Department of Genetics, Stanford University, Stanford, United States.
Department of Biology, Stanford University, Stanford, United States.
Elife. 2019 Jul 8;8:e40499. doi: 10.7554/eLife.40499.
Transient, regulated binding of globular protein domains to Short Linear Motifs (SLiMs) in disordered regions of other proteins drives cellular signaling. Mapping the energy landscapes of these interactions is essential for deciphering and perturbing signaling networks but is challenging due to their weak affinities. We present a powerful technology (MRBLE-pep) that simultaneously quantifies protein binding to a library of peptides directly synthesized on beads containing unique spectral codes. Using MRBLE-pep, we systematically probe binding of calcineurin (CN), a conserved protein phosphatase essential for the immune response and target of immunosuppressants, to the PxIxIT SLiM. We discover that flanking residues and post-translational modifications critically contribute to PxIxIT-CN affinity and identify CN-binding peptides based on multiple scaffolds with a wide range of affinities. The quantitative biophysical data provided by this approach will improve computational modeling efforts, elucidate a broad range of weak protein-SLiM interactions, and revolutionize our understanding of signaling networks.

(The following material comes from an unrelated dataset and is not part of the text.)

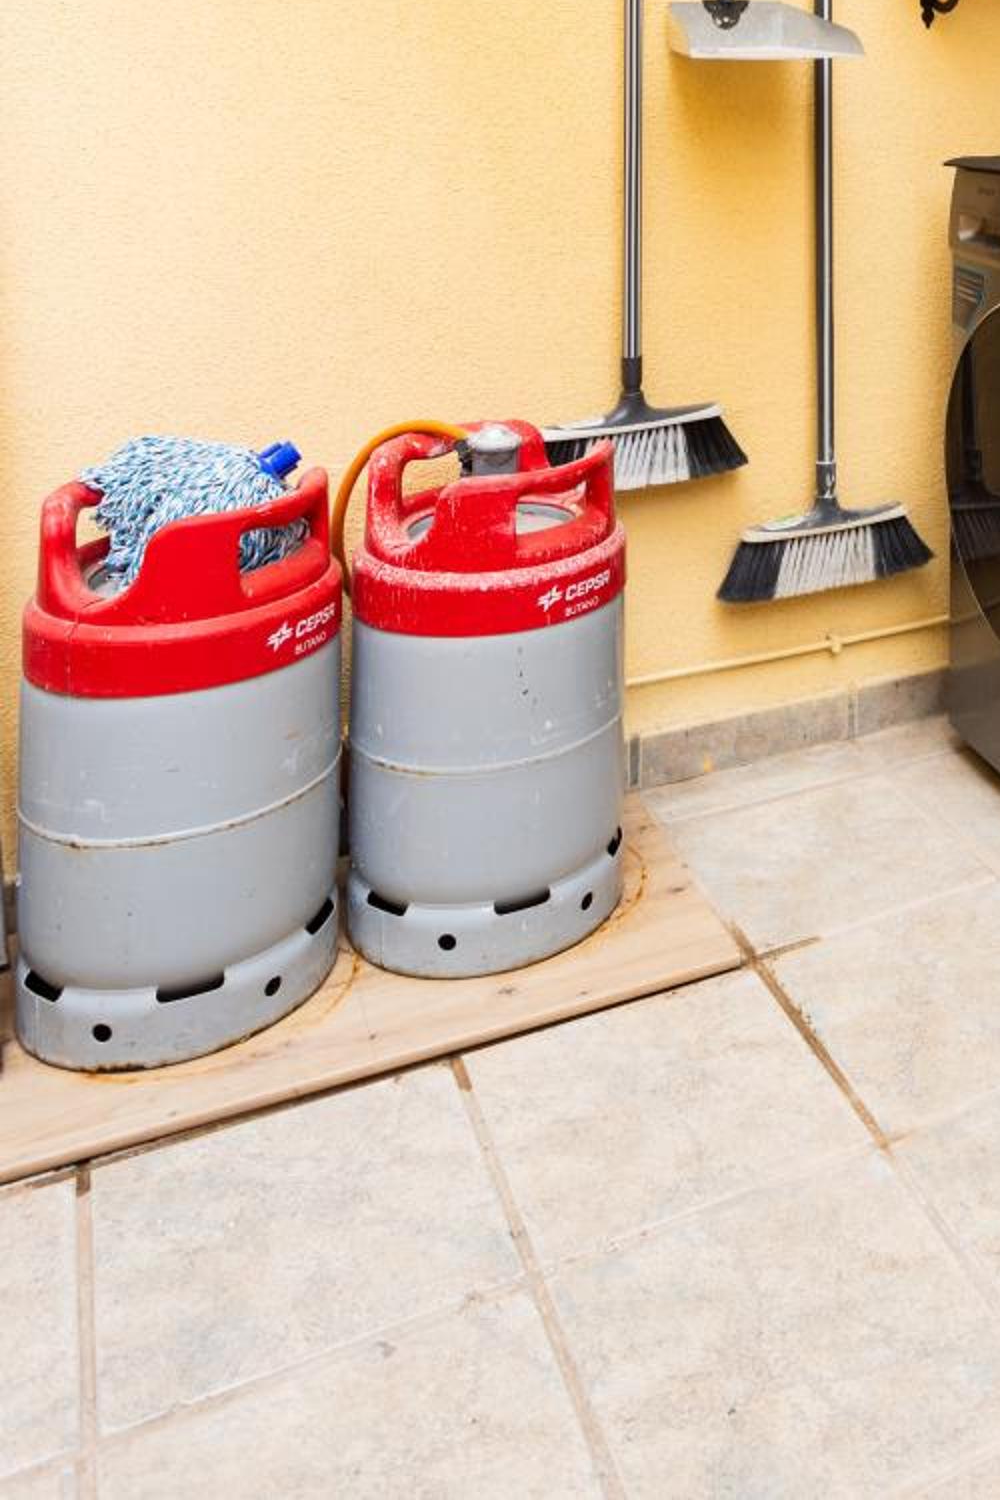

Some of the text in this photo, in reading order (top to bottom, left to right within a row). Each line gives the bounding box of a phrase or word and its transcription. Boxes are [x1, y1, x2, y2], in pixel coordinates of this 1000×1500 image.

无定形区中球形蛋白结构域与短线性基序(SLiM)的瞬时、调节性结合驱动细胞信号转导。绘制这些相互作用的能量景观对于破译和扰乱信号网络至关重要,但由于它们的亲和力较弱,因此具有挑战性。我们提出了一种强大的技术(MRBLE-pep),可同时定量测定直接在含有独特光谱代码珠上合成的肽文库中蛋白质与肽的结合。使用 MRBLE-pep,我们系统地探测了钙调神经磷酸酶(CN)与 PxIxIT SLiM 的结合,钙调神经磷酸酶是免疫反应所必需的保守蛋白磷酸酶,也是免疫抑制剂的靶标。我们发现侧翼残基和翻译后修饰对 PxIxIT-CN 亲和力至关重要,并基于多种具有广泛亲和力的支架识别出 CN 结合肽。这种方法提供的定量生物物理数据将改善计算建模工作,阐明广泛的弱蛋白-SLiM 相互作用,并彻底改变我们对信号网络的理解。